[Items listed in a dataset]
· · · · ·

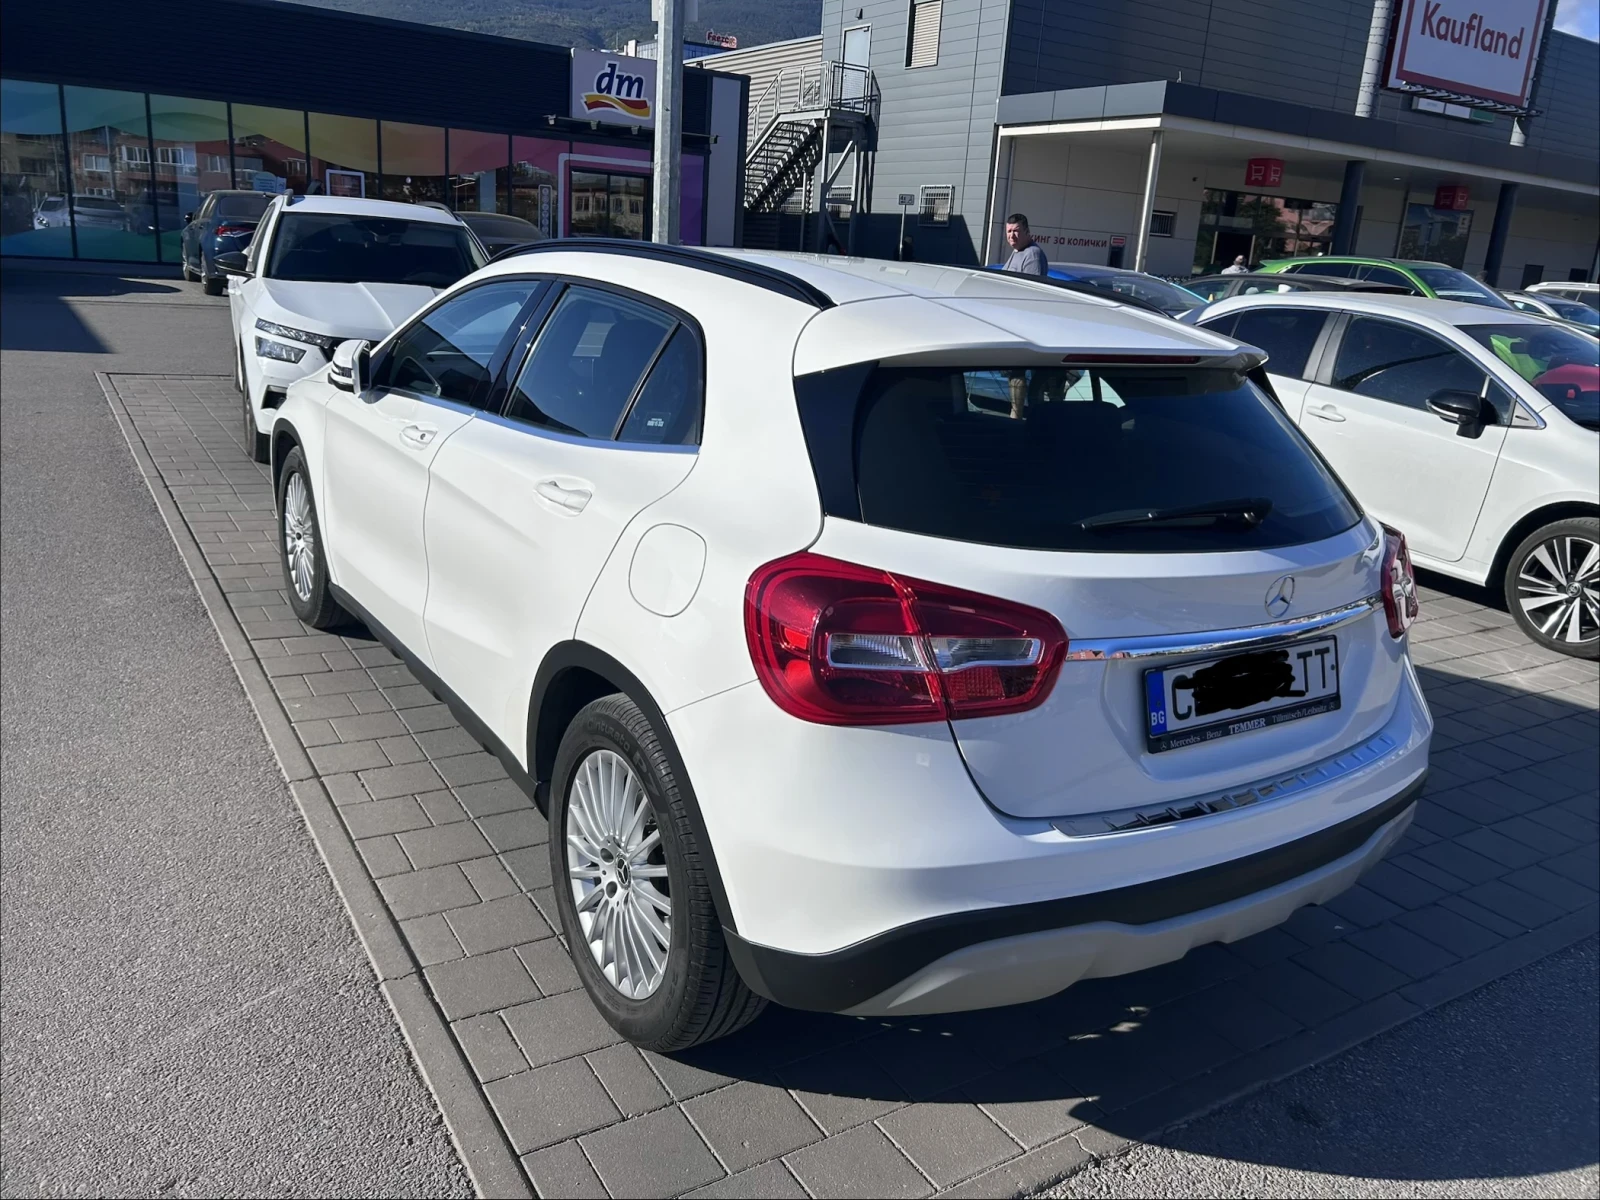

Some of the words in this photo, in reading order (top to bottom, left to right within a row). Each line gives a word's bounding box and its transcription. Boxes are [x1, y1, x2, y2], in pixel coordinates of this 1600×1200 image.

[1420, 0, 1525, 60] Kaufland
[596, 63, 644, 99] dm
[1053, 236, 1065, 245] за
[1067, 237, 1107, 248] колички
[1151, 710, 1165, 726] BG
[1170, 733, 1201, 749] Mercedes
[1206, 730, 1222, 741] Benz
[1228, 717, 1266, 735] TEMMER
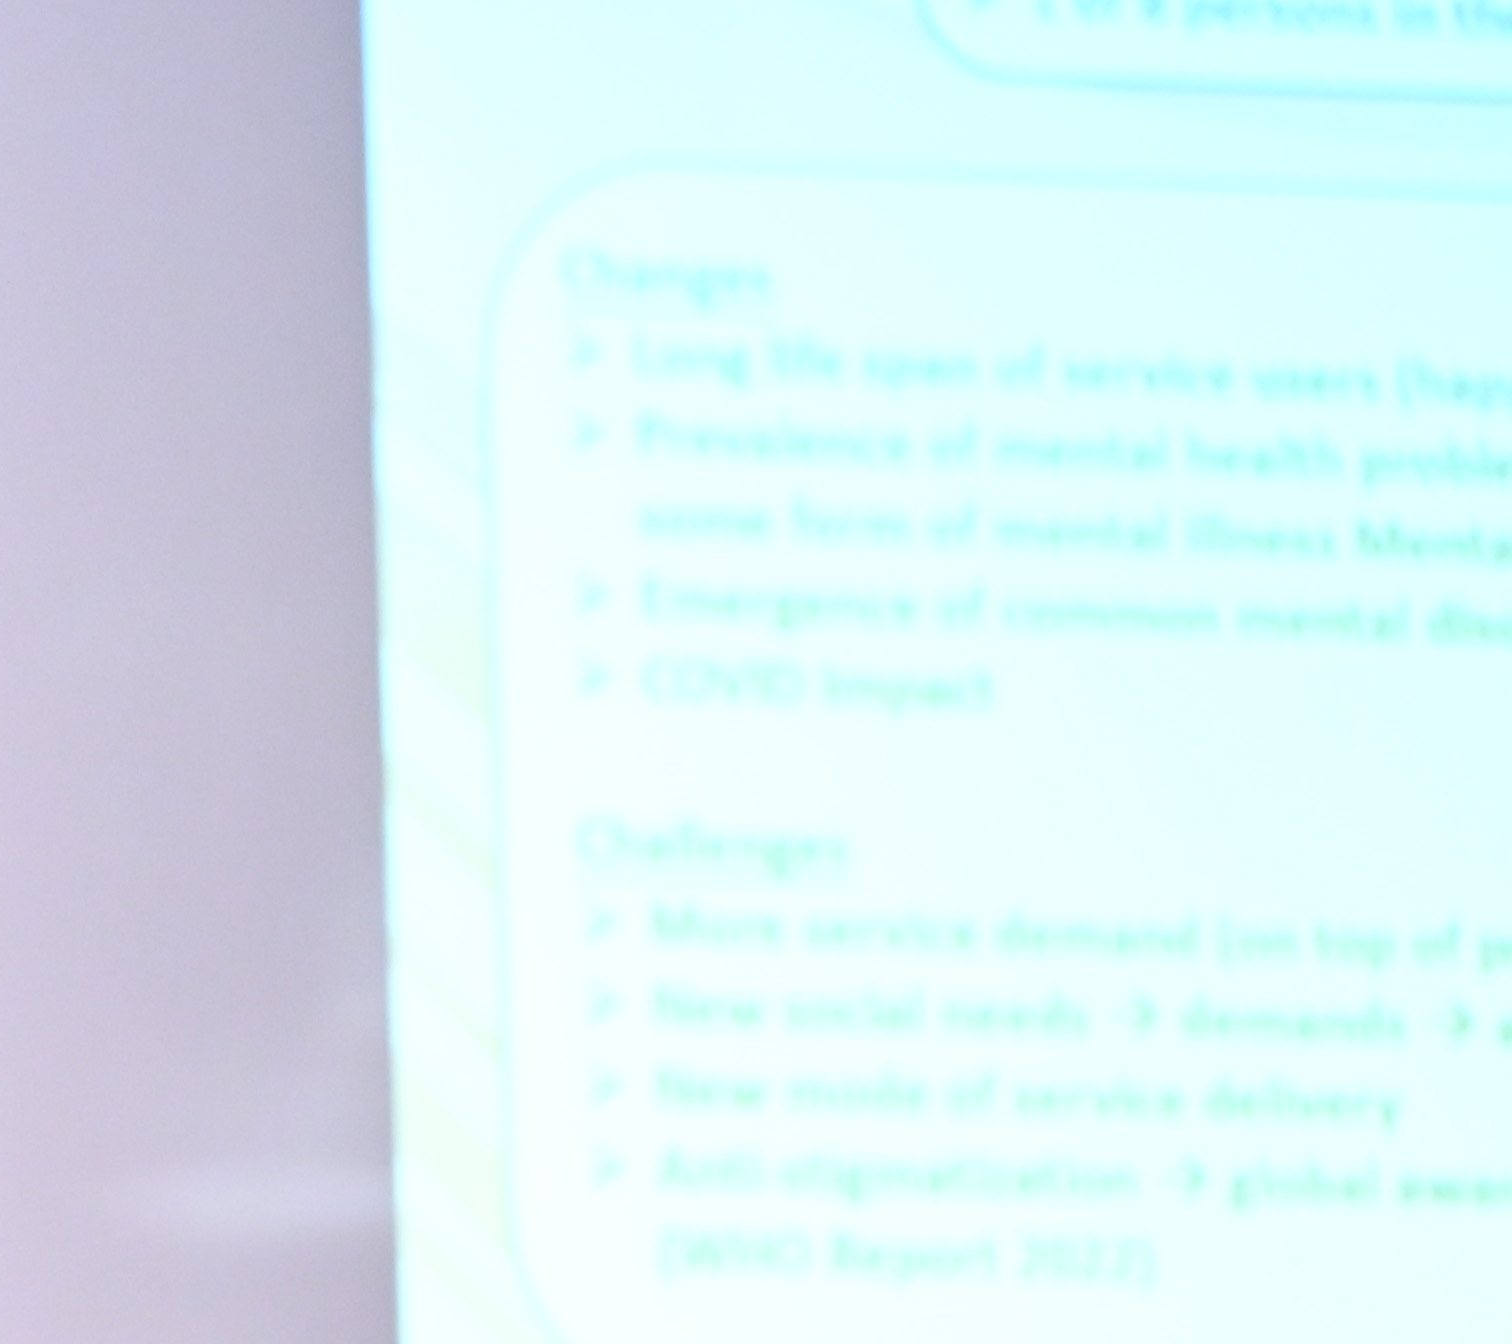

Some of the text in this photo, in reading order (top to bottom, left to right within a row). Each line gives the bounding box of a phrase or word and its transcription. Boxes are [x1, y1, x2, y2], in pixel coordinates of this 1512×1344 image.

· · · · ·

Aim of the task: Your answer must be an exact copy of the records, without the pictures.

Output for this exercise:
Some of the words in this photo, in reading order (top to bottom, left to right within a row). Each line gives a word's bounding box and its transcription. Boxes are [x1, y1, x2, y2], in pixel coordinates of this 1600×1200 image.

[1420, 0, 1525, 60] Kaufland
[596, 63, 644, 99] dm
[1053, 236, 1065, 245] за
[1067, 237, 1107, 248] колички
[1151, 710, 1165, 726] BG
[1170, 733, 1201, 749] Mercedes
[1206, 730, 1222, 741] Benz
[1228, 717, 1266, 735] TEMMER

Some of the text in this photo, in reading order (top to bottom, left to right within a row). Each line gives the bounding box of a phrase or word and its transcription. Boxes are [x1, y1, x2, y2], in pixel coordinates of this 1512×1344 image.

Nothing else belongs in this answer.